His first book, The Scene, was a success with the critics; according to The New York Herald Tribune: “Not even Nelson Algren's The Man With the Golden Arm burns with the ferocious intensity you’ll find here." The Scene had been published by Random House, but Cooper's other three books were published by Regency, a pulp paperback publisher, while Cooper was in prison in Detroit: Weed (1961), The Dark Messenger (1962) and Yet Princes Follow, together with Not We Many, as Black: Two Short Novels (1962). Harlan Ellison was his editor. Cooper's last book, The Farm, takes place at the Lexington prison for drug addicts, once called U.S. Narcotics Farm.

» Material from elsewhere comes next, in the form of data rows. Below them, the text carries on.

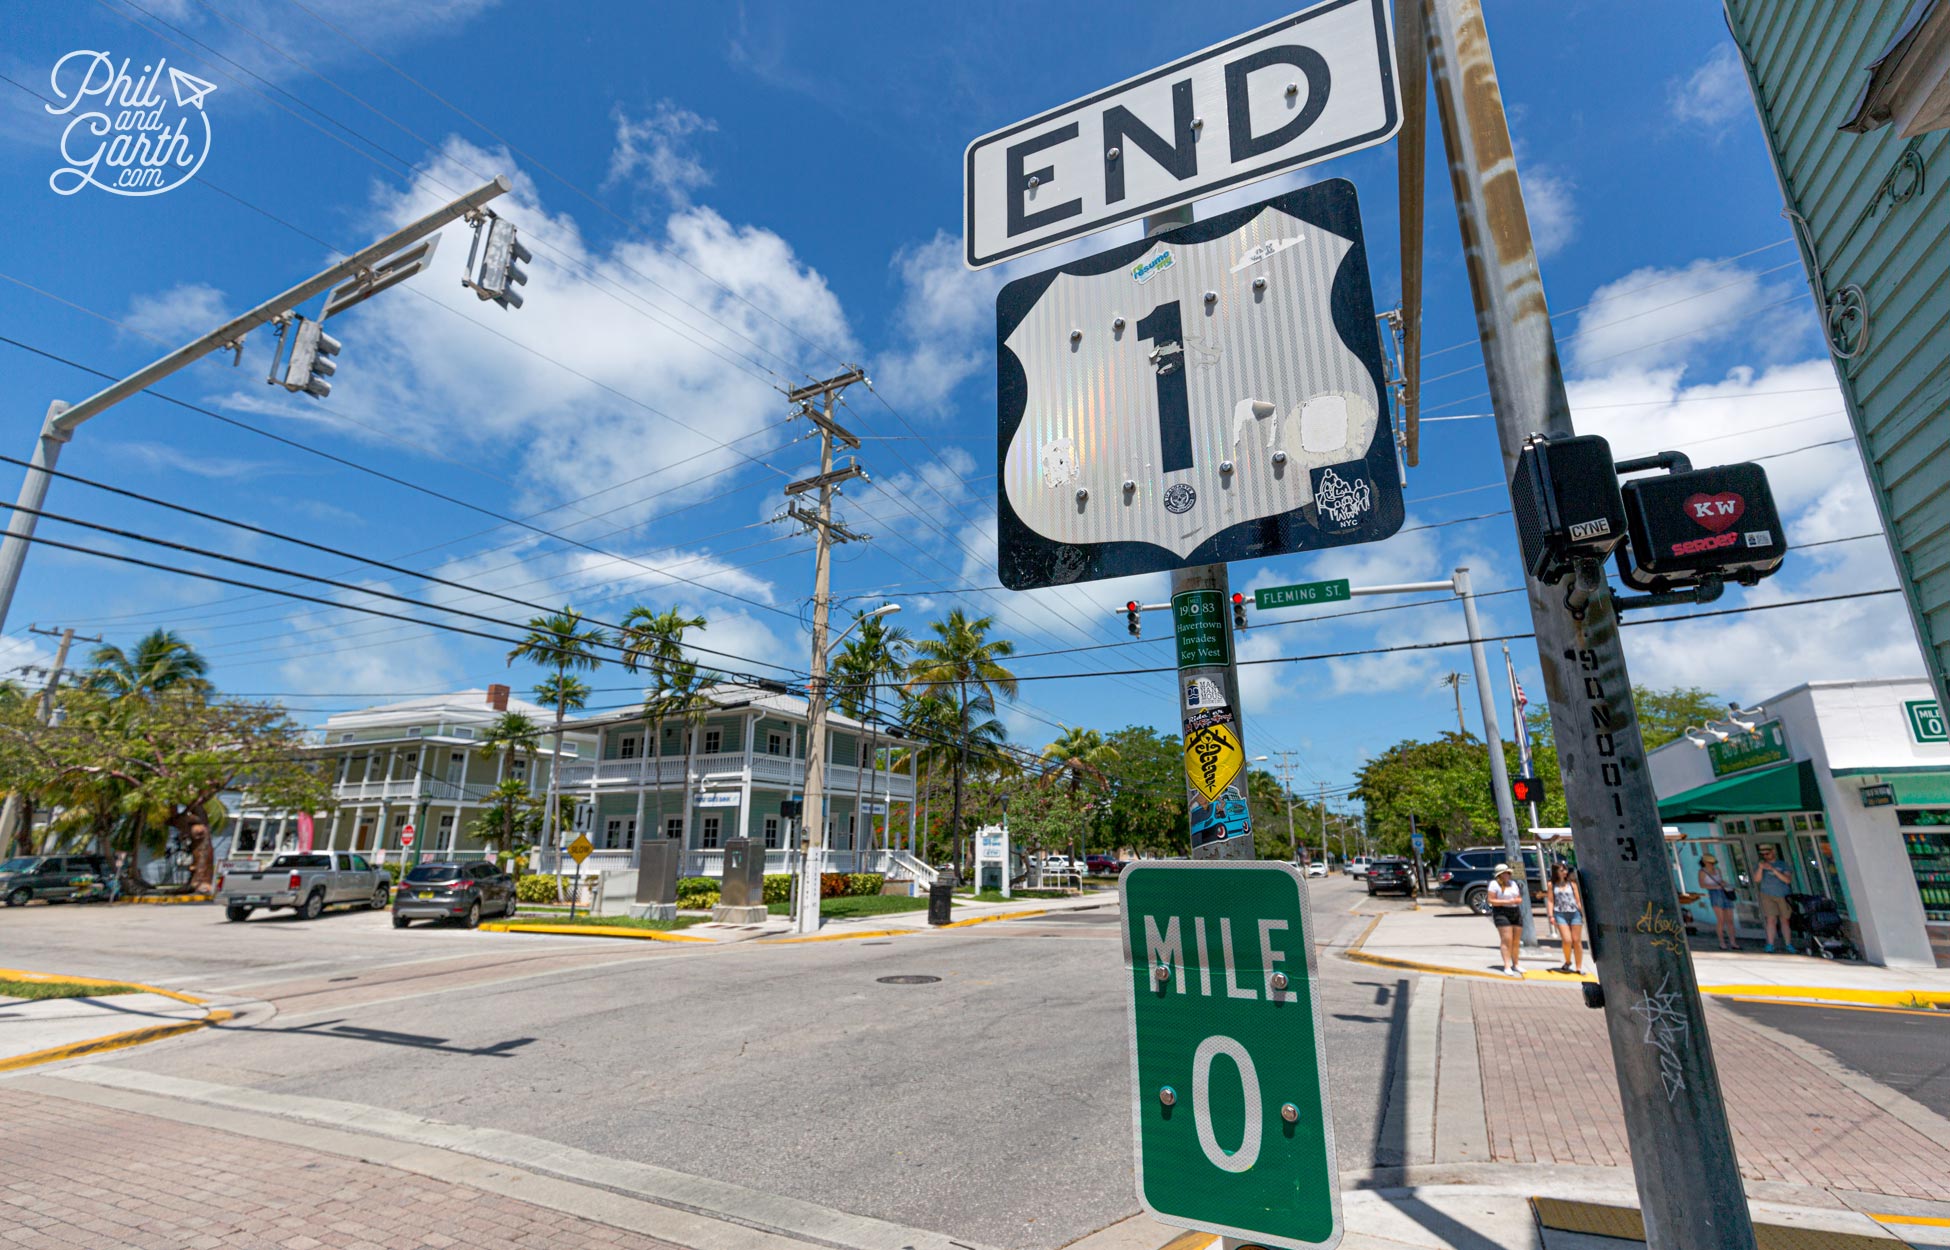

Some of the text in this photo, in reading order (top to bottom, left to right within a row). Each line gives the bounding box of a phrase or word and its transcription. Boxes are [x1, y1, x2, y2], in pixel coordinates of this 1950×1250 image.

[1007, 45, 1331, 239] END
[1136, 299, 1194, 474] 1
[1340, 520, 1358, 528] NYC
[1572, 520, 1608, 538] CYNE
[1263, 588, 1316, 604] FLEMING
[1177, 621, 1222, 633] Havertown
[1182, 634, 1216, 645] Invades
[1181, 648, 1221, 660] Key West
[1144, 914, 1298, 1003] MILE
[1192, 1035, 1263, 1173] 0
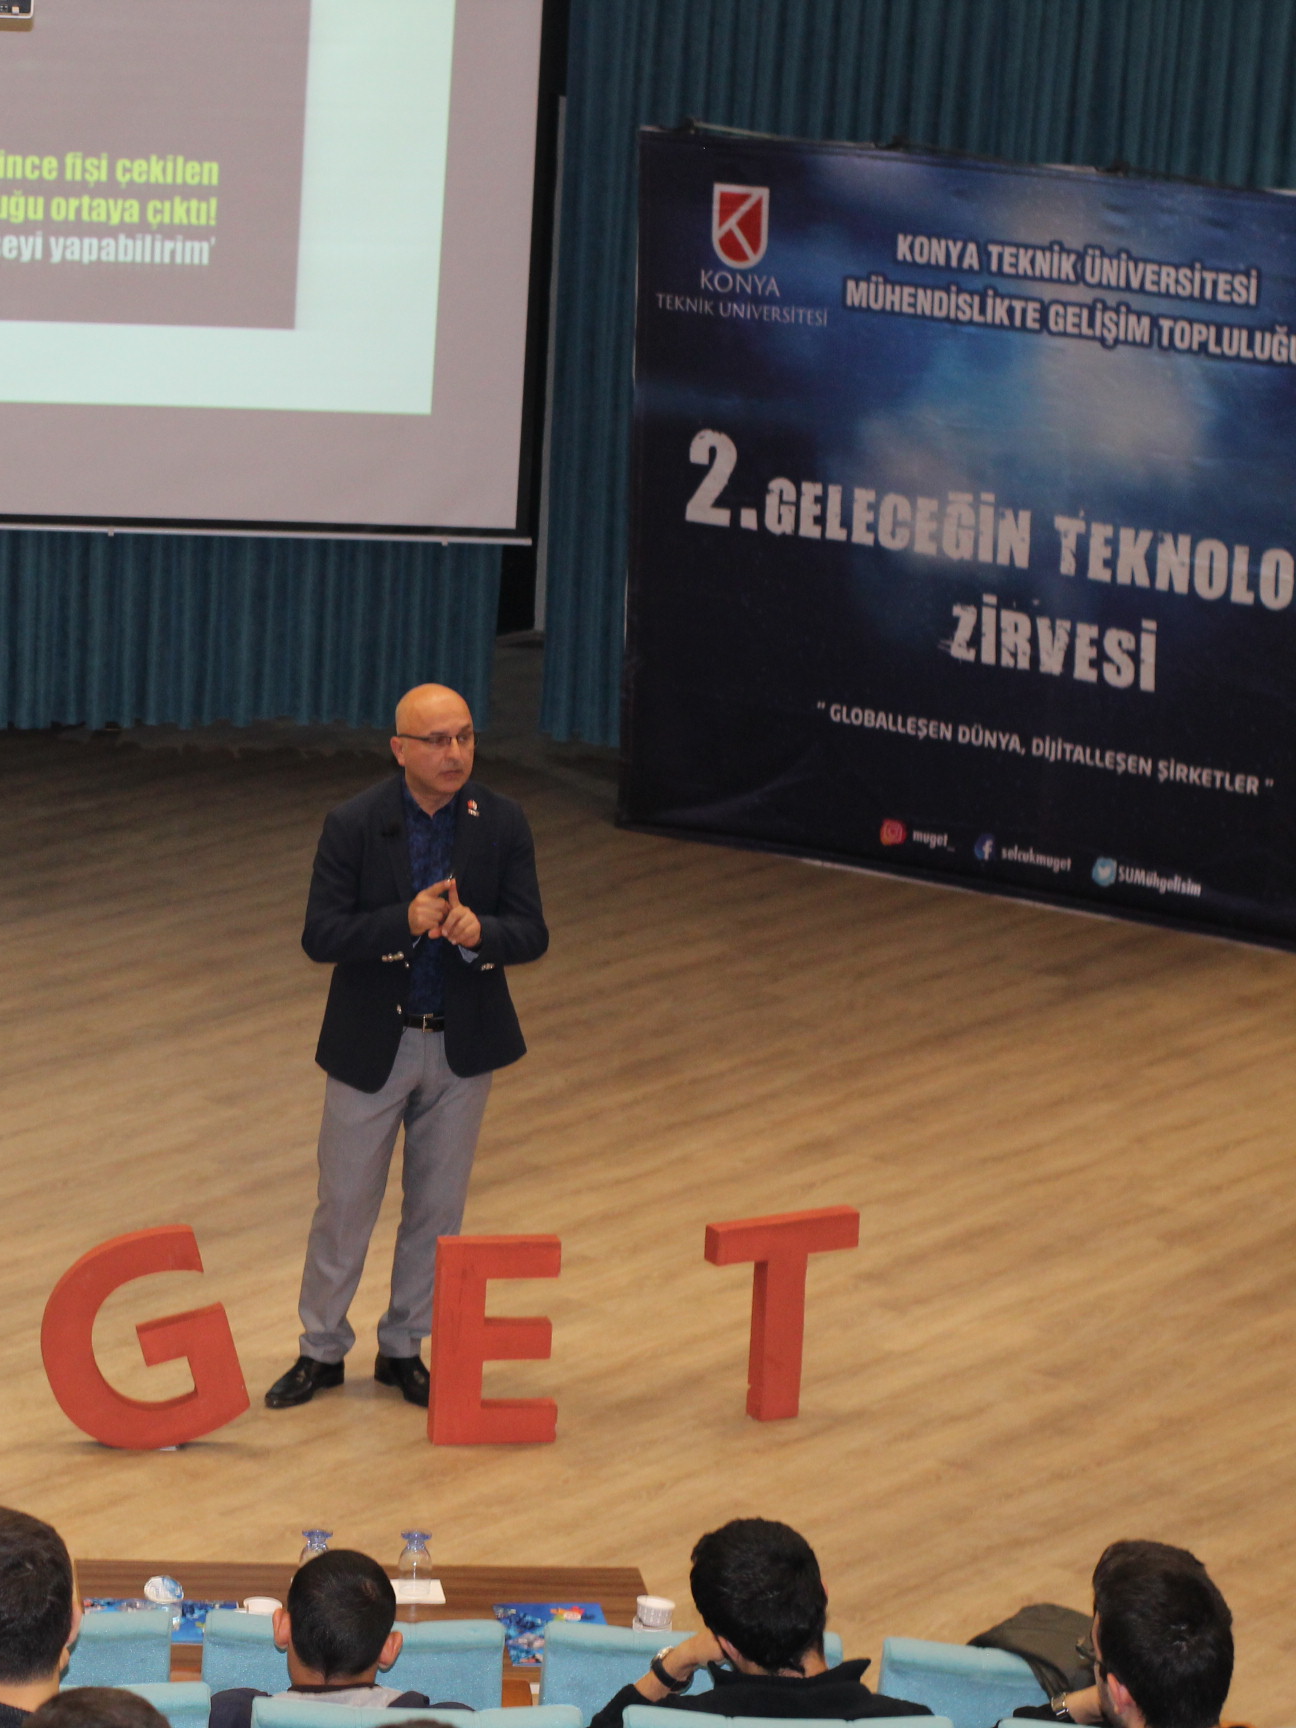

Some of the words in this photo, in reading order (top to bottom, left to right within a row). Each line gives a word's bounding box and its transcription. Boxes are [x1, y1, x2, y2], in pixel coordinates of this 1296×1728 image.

[65, 152, 108, 188] fişi
[116, 154, 219, 189] çekilen
[50, 194, 140, 225] ortaya
[146, 195, 217, 230] çıktı!
[700, 268, 781, 297] KONYA
[896, 234, 980, 271] KONYA
[988, 244, 1077, 282] TEKNİK
[1084, 248, 1257, 306] ÜNİVERSİTESİ
[656, 292, 714, 316] TEKNİK
[846, 274, 1041, 330] MÜHENDİSLİKTE
[1048, 302, 1151, 346] GELİŞİM
[949, 593, 1158, 693] ZİRVESİ
[958, 723, 1025, 756] DÜNYA,

Cooper's addiction and a growing alienation from those around him, perhaps driven by the hostile response to his fiction, all contributed to his early destitute death.

==Death==
Cooper died penniless, strung out and alone in the 23rd street YMCA New York City in 1978.

==Published works==
- The Scene (1960), described by the Library of Congress as autobiographical. ISBN 0-393-31463-4.

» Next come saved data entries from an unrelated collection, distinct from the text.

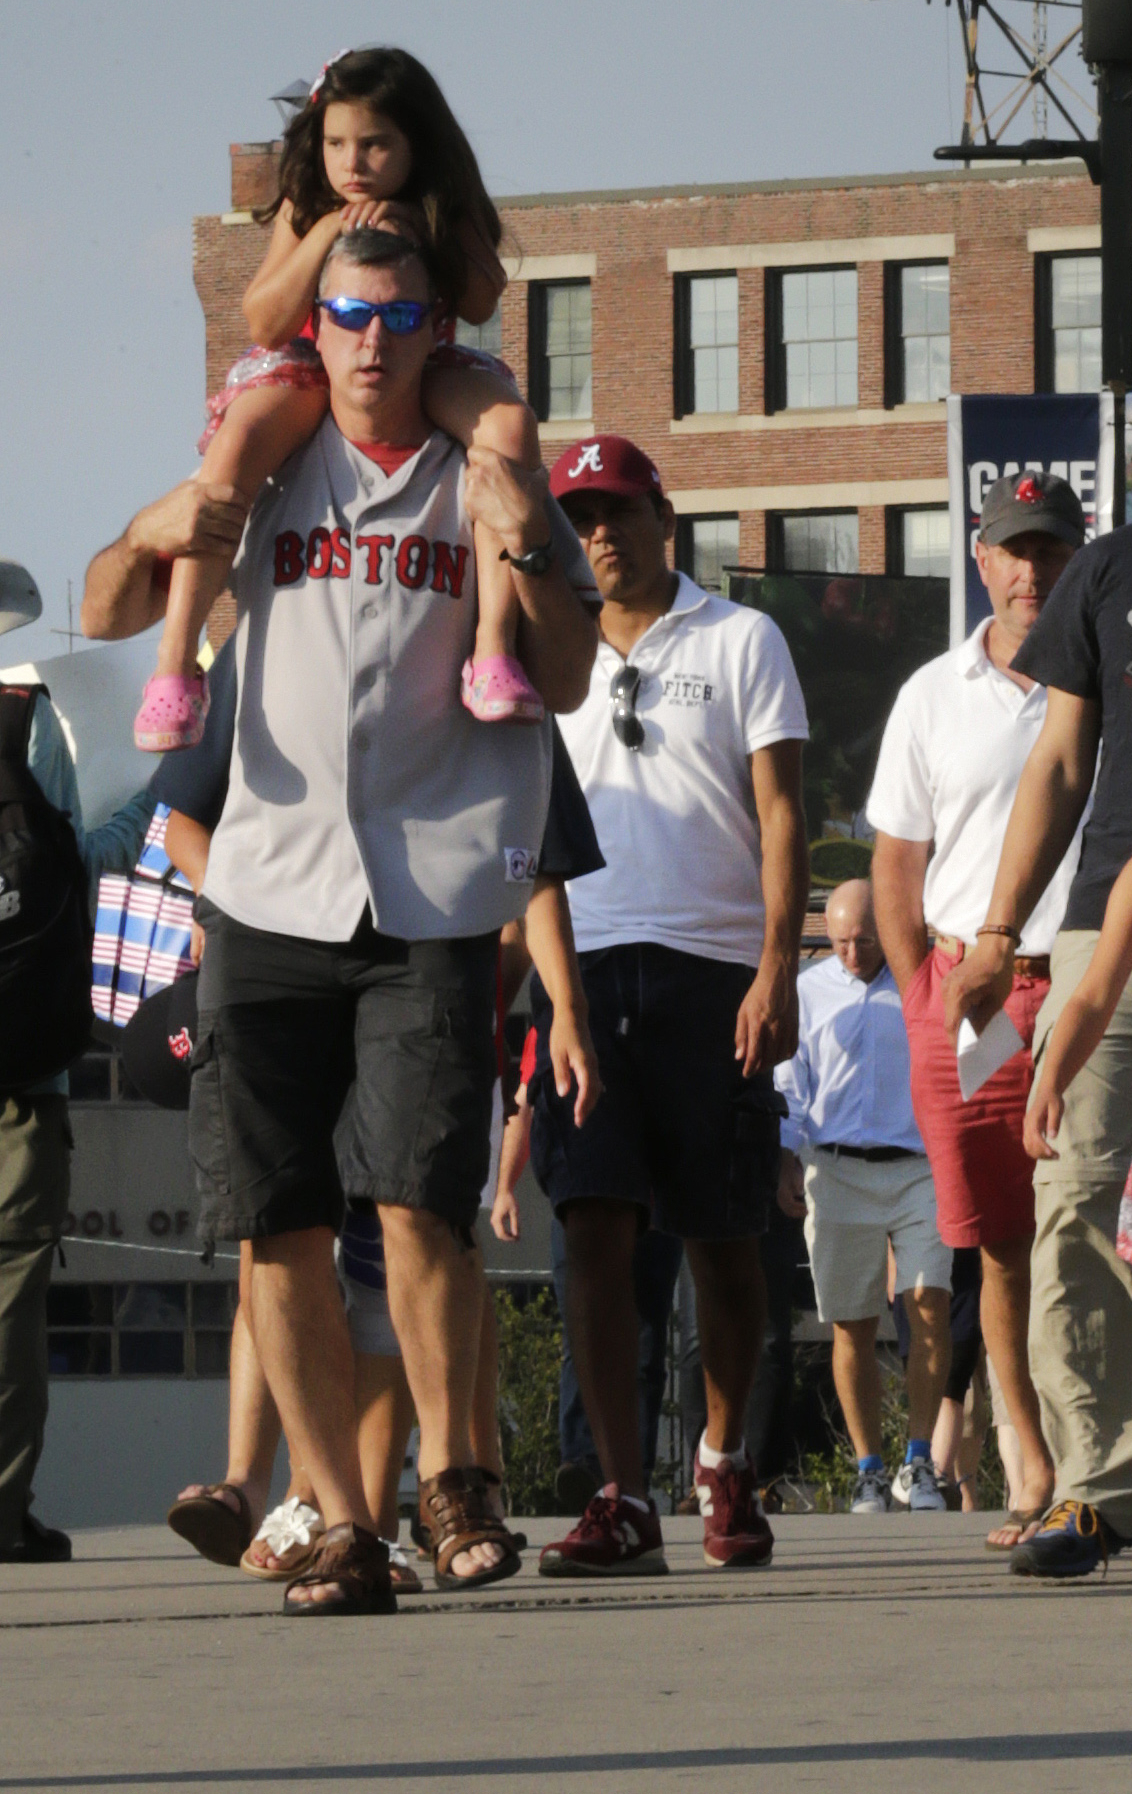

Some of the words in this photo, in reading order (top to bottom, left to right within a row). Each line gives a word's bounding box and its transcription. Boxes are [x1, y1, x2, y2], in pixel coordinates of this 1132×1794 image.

[568, 444, 603, 478] A
[969, 460, 1096, 514] GE
[273, 526, 469, 599] BOSTON
[662, 680, 713, 701] FITCH
[148, 1209, 190, 1237] OF

- The Syndicate (1960), as "Robert Chestnut", Chicago: Newsstand.
- Weed (1961).
- The Dark Messenger (1962), .
- Black, two short novels: Yet Princes Follow and Not We Many (1962)
- The Farm (1967). Crown Publishers. repr. ISBN 0-393-31785-4.
- Black (1997), a collection of three short novels: The Dark Messenger, Yet Princes Follow, and Not We Many. ISBN 0-393-31541-X.